==== RECORDS SHOWN ====
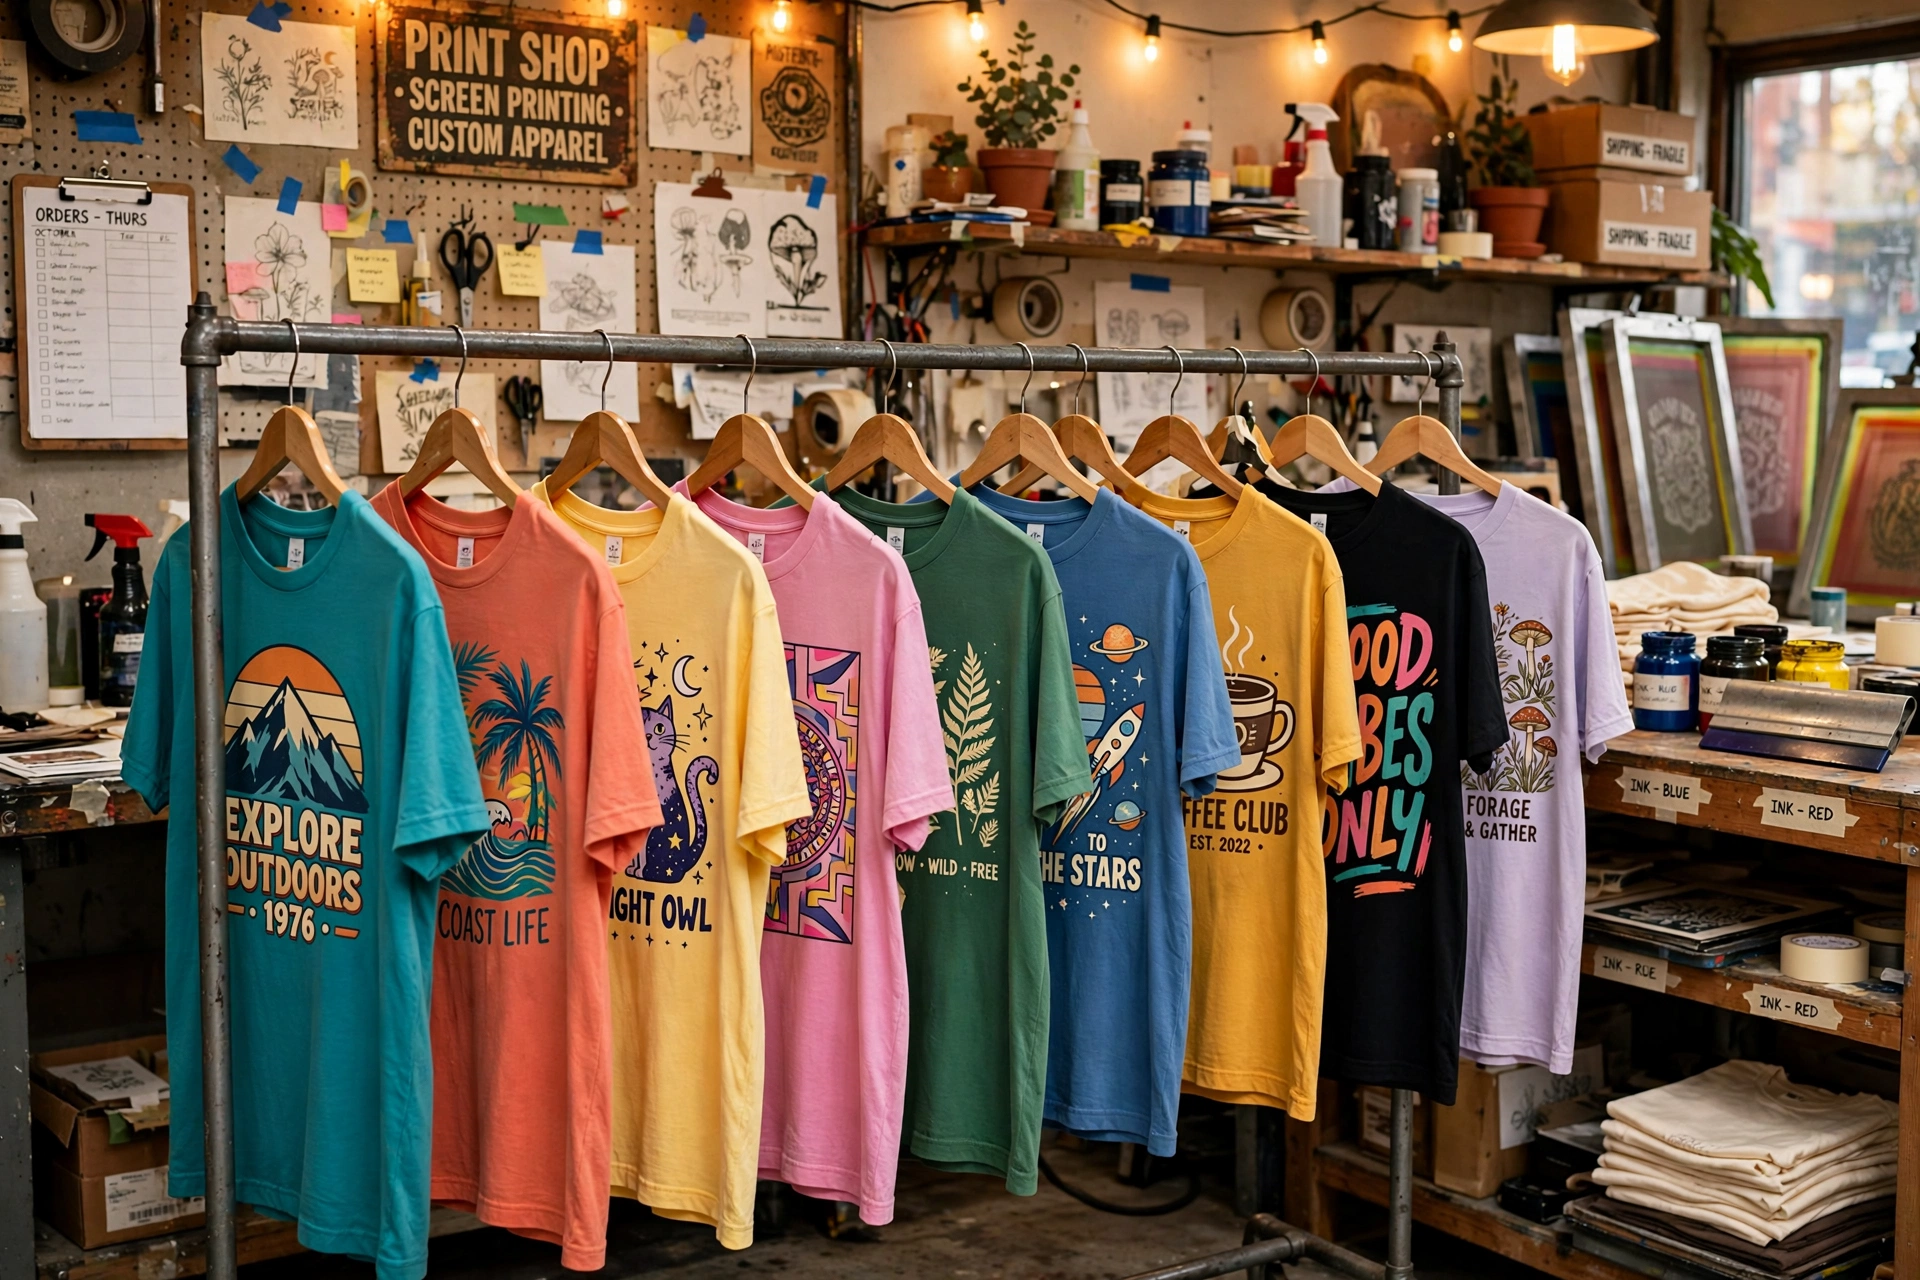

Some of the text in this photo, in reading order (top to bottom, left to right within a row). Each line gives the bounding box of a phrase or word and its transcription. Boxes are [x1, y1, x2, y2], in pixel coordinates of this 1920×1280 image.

[405, 19, 610, 87] PRINT SHOP
[409, 77, 611, 127] SCREEN PRINTING
[408, 117, 609, 164] CUSTOM APPAREL
[35, 207, 89, 224] ORDERS
[106, 211, 148, 226] THURS
[1350, 612, 1433, 691] OOD
[1348, 692, 1434, 787] BES
[1467, 795, 1531, 819] FORAGE
[1630, 778, 1651, 794] INK
[1663, 783, 1690, 799] BLUE
[1182, 797, 1288, 836] FFEE CLUB
[1771, 800, 1794, 816] INK
[1808, 805, 1834, 821] RED
[225, 796, 363, 868] EXPLORE
[1087, 833, 1107, 852] TO
[1190, 834, 1250, 854] EST. 2022
[1465, 820, 1537, 843] & GATHER
[227, 846, 363, 914] OUTDOORS
[896, 854, 999, 881] OW WILD FREE
[1070, 853, 1142, 891] STARS
[263, 899, 316, 944] 1976
[438, 899, 550, 947] COAST LIFE
[609, 886, 712, 932] IGHT OWL
[1602, 956, 1623, 971] INK
[1760, 995, 1782, 1011] INK
[1795, 1002, 1819, 1018] RED
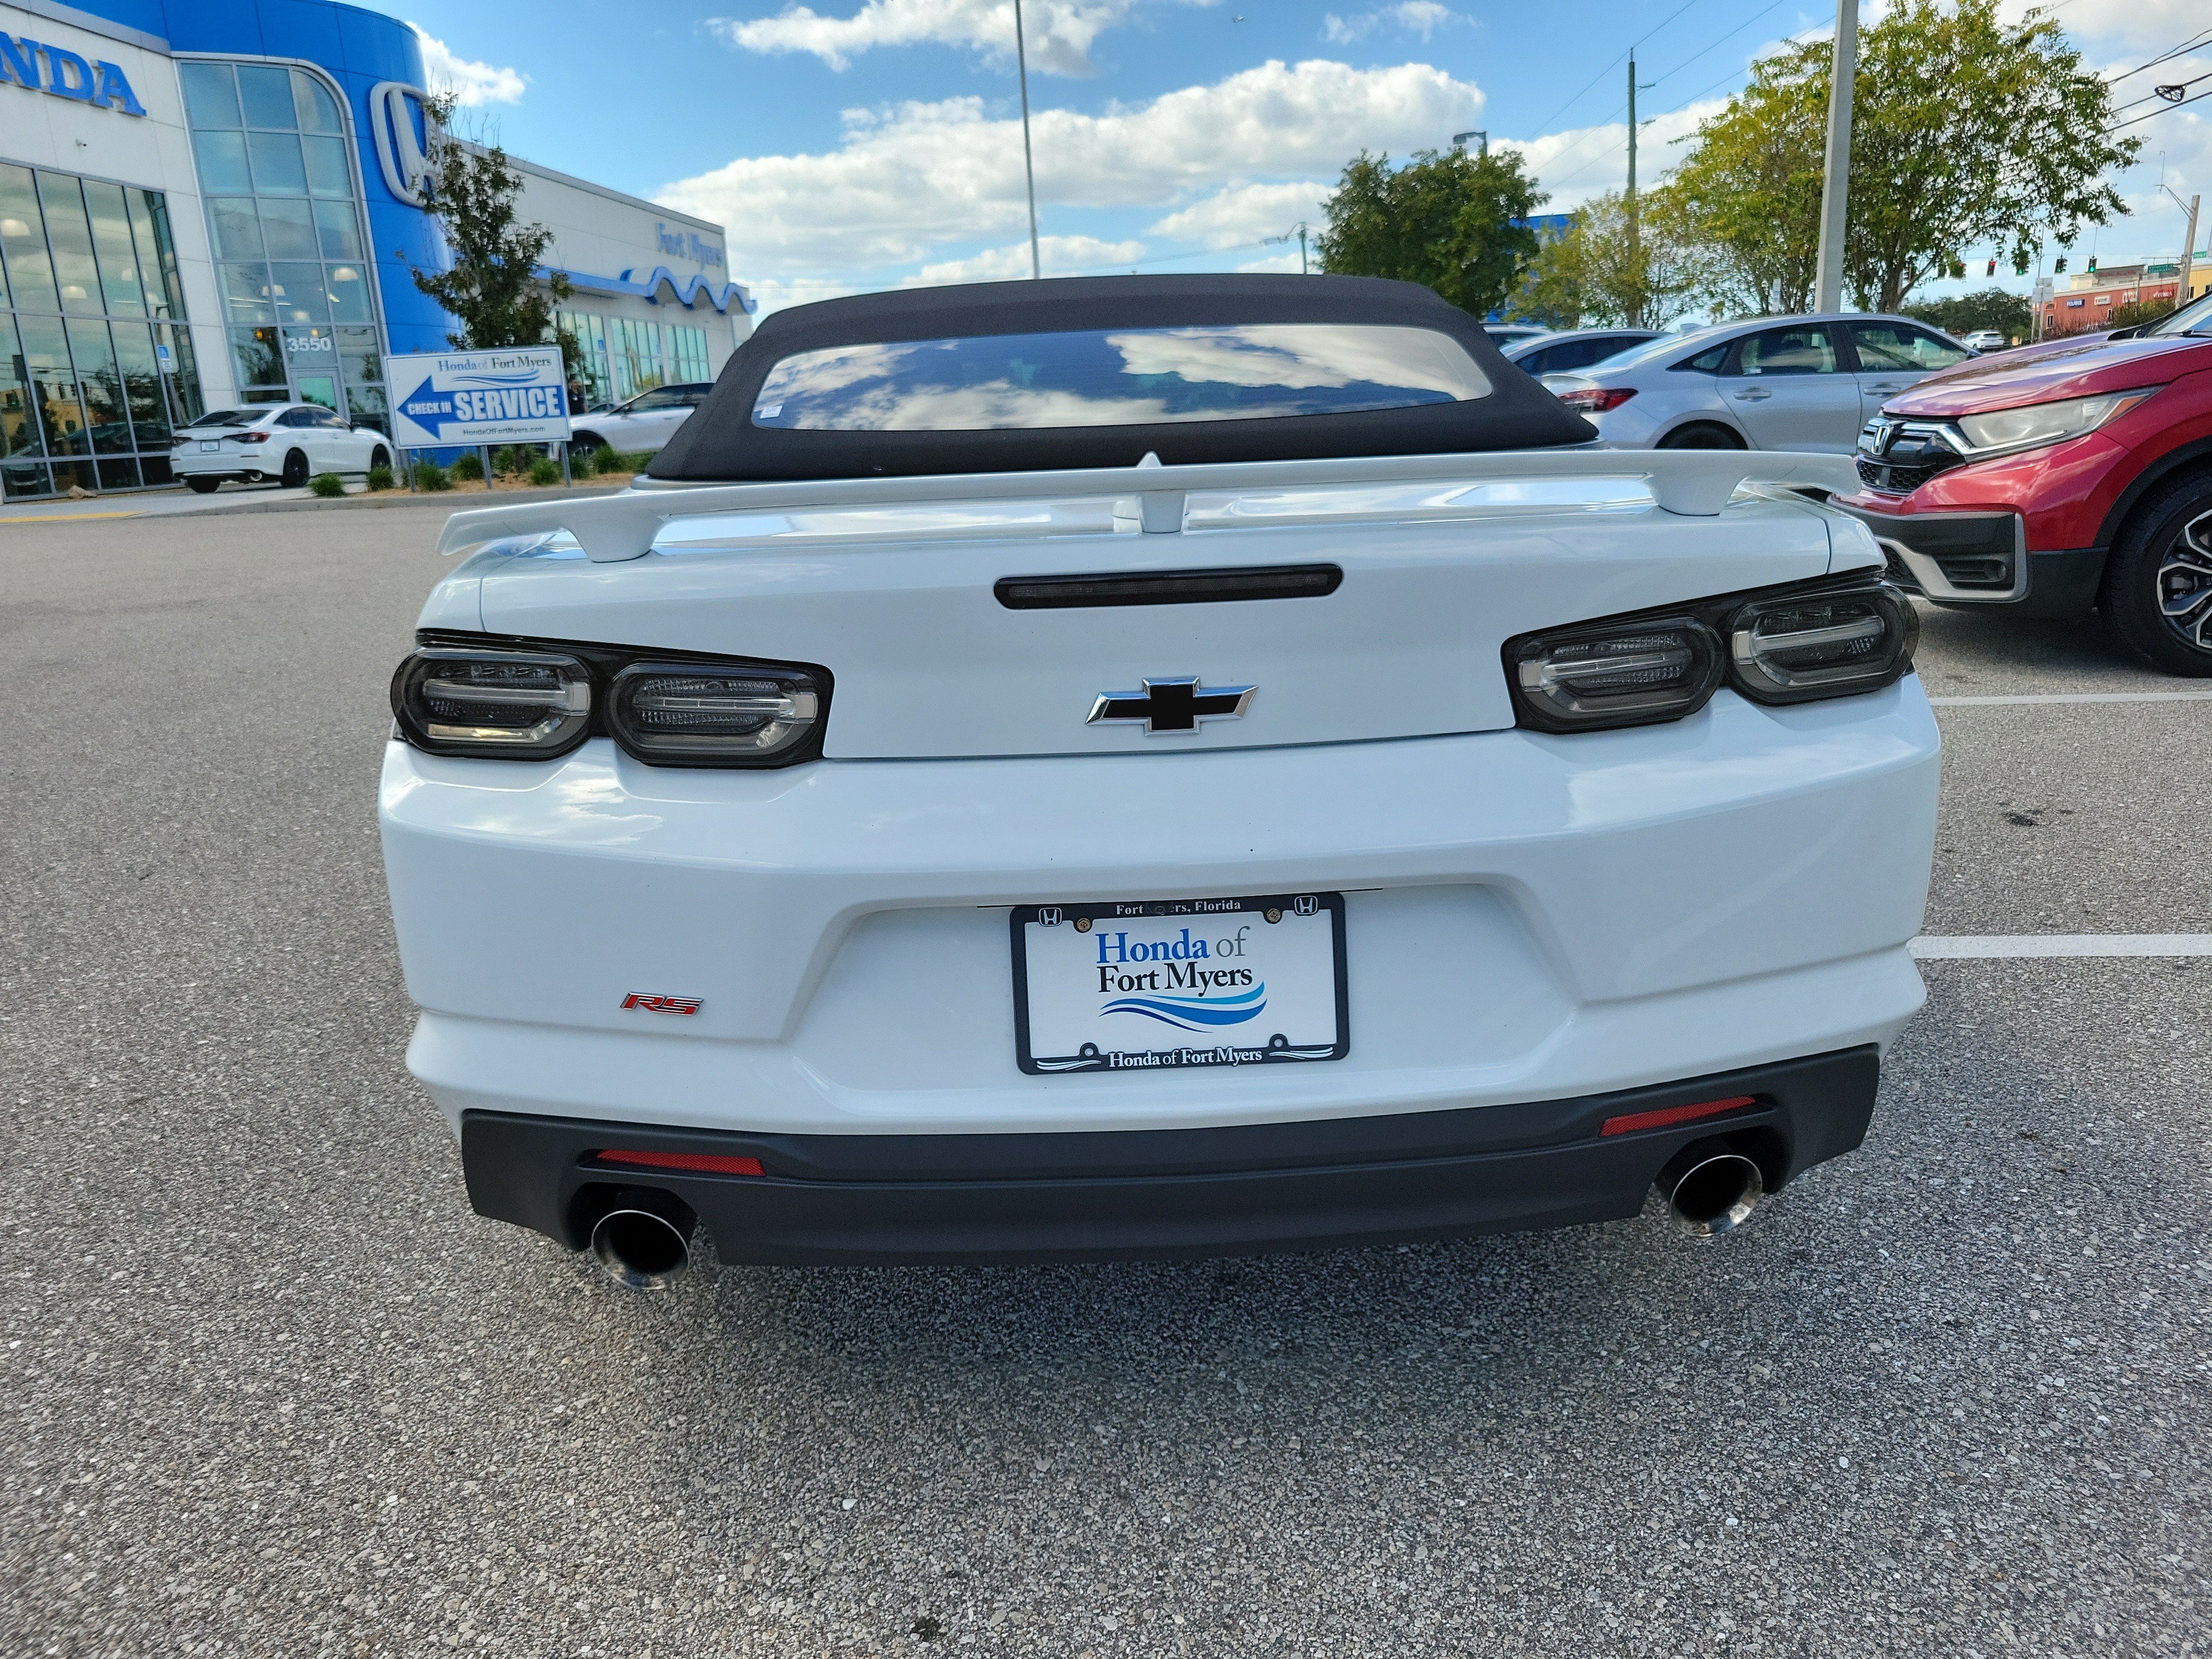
====
GOAL OF THE EXERCISE
The job here is to retype the data exactly, with no pictures included.

EXERCISE ANSWER
Some of the text in this photo, in reading order (top to bottom, left to right within a row). Each line gives the bounding box of a phrase or word and its transcription. Boxes are [x1, y1, x2, y2], in pixel coordinates of this 1920×1280 image.

[405, 19, 610, 87] PRINT SHOP
[409, 77, 611, 127] SCREEN PRINTING
[408, 117, 609, 164] CUSTOM APPAREL
[35, 207, 89, 224] ORDERS
[106, 211, 148, 226] THURS
[1350, 612, 1433, 691] OOD
[1348, 692, 1434, 787] BES
[1467, 795, 1531, 819] FORAGE
[1630, 778, 1651, 794] INK
[1663, 783, 1690, 799] BLUE
[1182, 797, 1288, 836] FFEE CLUB
[1771, 800, 1794, 816] INK
[1808, 805, 1834, 821] RED
[225, 796, 363, 868] EXPLORE
[1087, 833, 1107, 852] TO
[1190, 834, 1250, 854] EST. 2022
[1465, 820, 1537, 843] & GATHER
[227, 846, 363, 914] OUTDOORS
[896, 854, 999, 881] OW WILD FREE
[1070, 853, 1142, 891] STARS
[263, 899, 316, 944] 1976
[438, 899, 550, 947] COAST LIFE
[609, 886, 712, 932] IGHT OWL
[1602, 956, 1623, 971] INK
[1760, 995, 1782, 1011] INK
[1795, 1002, 1819, 1018] RED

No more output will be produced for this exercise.